No, the piece that got to me was a report by that doyen of Fleet Street rectitude, Roy Greenslade, in his Guardian blog. He quotes David Lis, at Aviva Investors, as saying in the Sunday Times that “Its imperative that there is consolidation within the regional newspaper space. It simply has to happen.” We must listen to Mr Lis with respect: his company apparently own 10% of Trinity Mirror, whose shares have fallen two-thirds in value this year, prior to that buy back rumour. One wonders what his position is on the buyback, or indeed on the dividend (axed two years ago and unlikely to return), or the advertising trend at Trinity Mirror (down 11.1% on the half year) And he wants to buy more of that? Nothing braver has been said in any walk of life since Neville Chamberlain returned from Munich promising “Peace in our Time”!
Is it not yet apparent that the managers of the major regional press interests have done everything that capable and reasonable men can to save the ship? We have now had a decade of staff cutting, regional print centres to raise productivity and reduce costs, regional editorial services producing look-alike products in the towns and cities of Britain, and exodus from locality to create a minimum service level on the narrowest editorial presence, churning out doctored agency text designed to keep the ads apart on the page – until all of a sudden there were no ads. And the flight to the web, in the jealous editorial hands of the existing print papers, proved to be a real failure either to create something new and local or to extend the hallowed brands of the print world into web presence. Having once almost succeeded and then failed to persuade Trinity to buy Thomson Directories, and having seen them developing directories in Scotland in more recent years, I hoped that a penny had dropped, and that they were about to embark on a complete local advertising strategy online, something we often anxiously talked about years ago when Fish4 was being created with their support. But, no. Courage and convictios fell at the final hurdle.

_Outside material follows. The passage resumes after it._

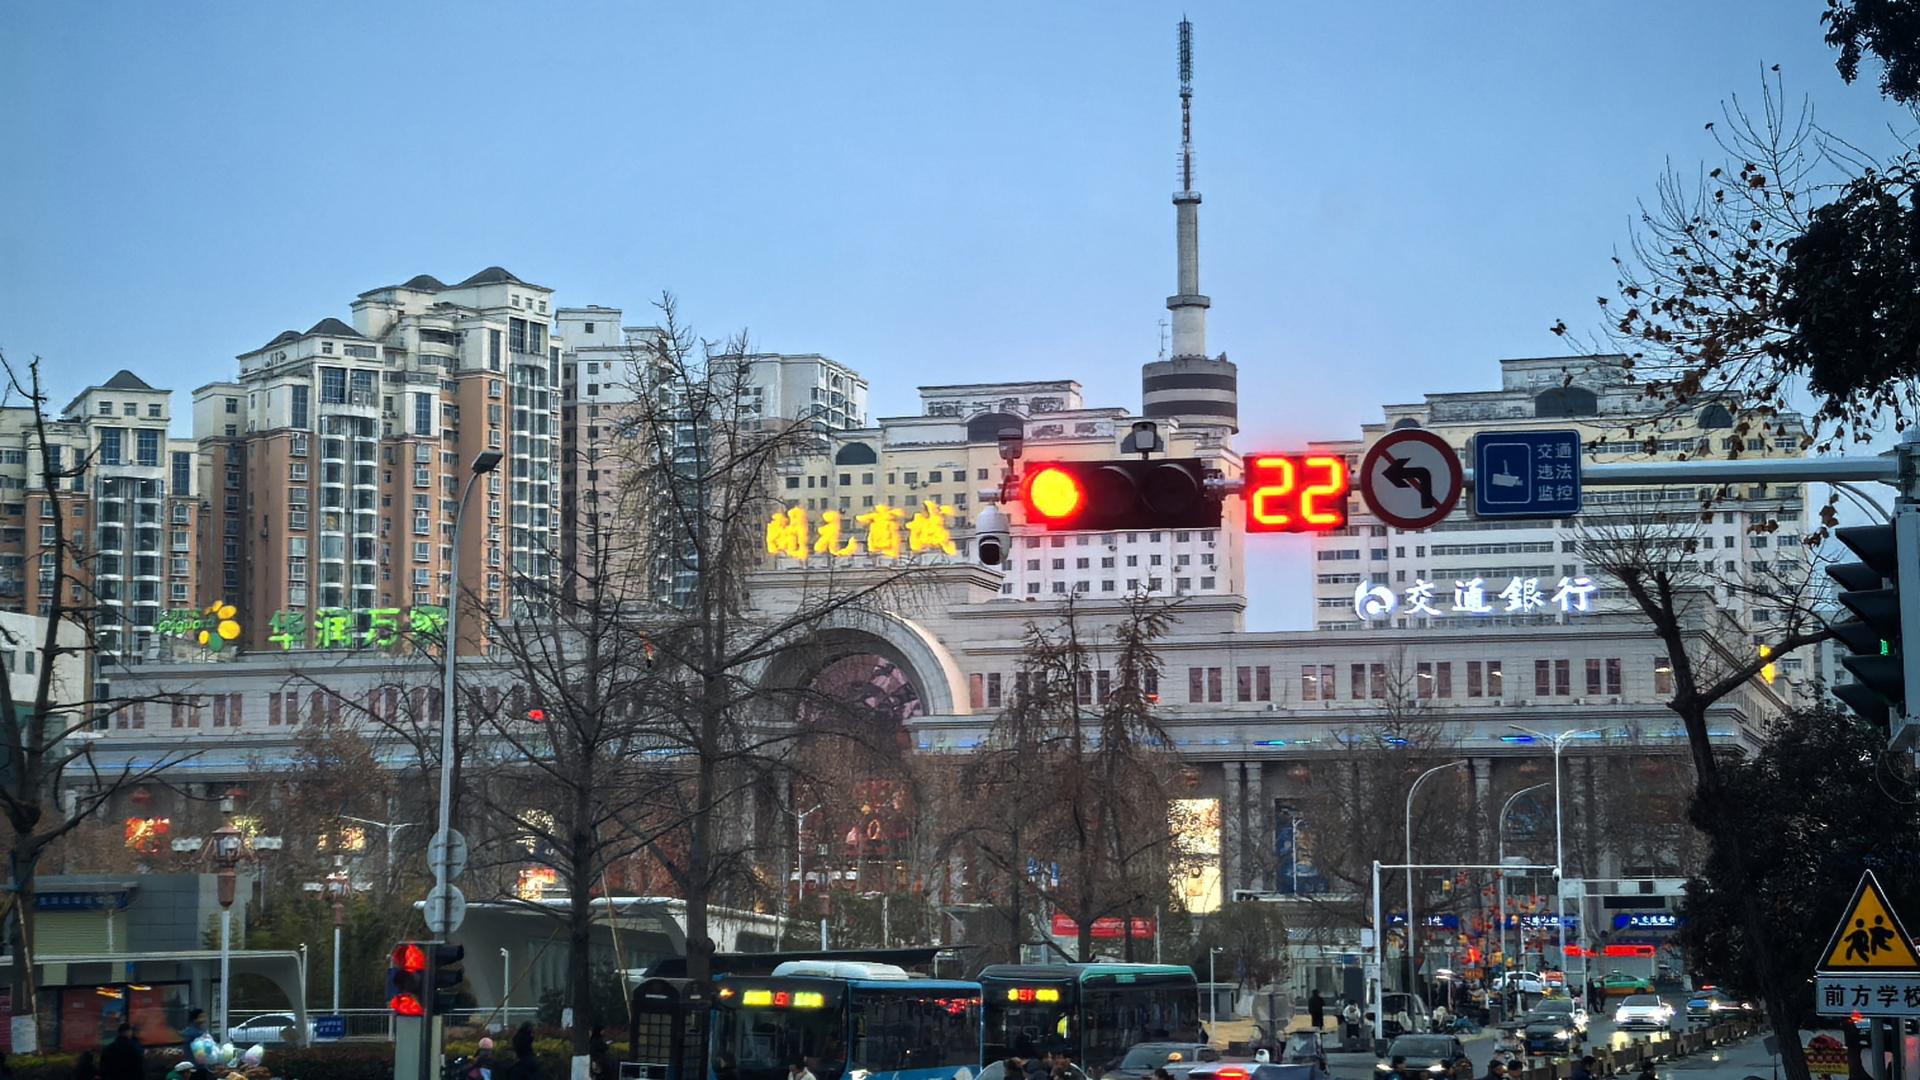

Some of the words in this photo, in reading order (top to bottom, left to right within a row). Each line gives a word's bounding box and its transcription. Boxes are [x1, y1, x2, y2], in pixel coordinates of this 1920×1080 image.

So why, Mr Lis, are you persuaded that putting together one cost-pared declining business with another with the same problems makes any sense at all? There are few more cost savings to make. Advertisers will seek greater discounts across more newsprint. There are no competitive positions to close out – these papers are all local monopolies anyway. The trick that your company needs to perform is to invent the equivalent service values of the once popular local press in an online and mobile context. You need to do it, despite the disadvantage of starting in print, with these factors in mind:
1. The newspaper was always a partnership with the community – but newspapermen forgot that.
2. You cannot press a format onto a geography and call it a community.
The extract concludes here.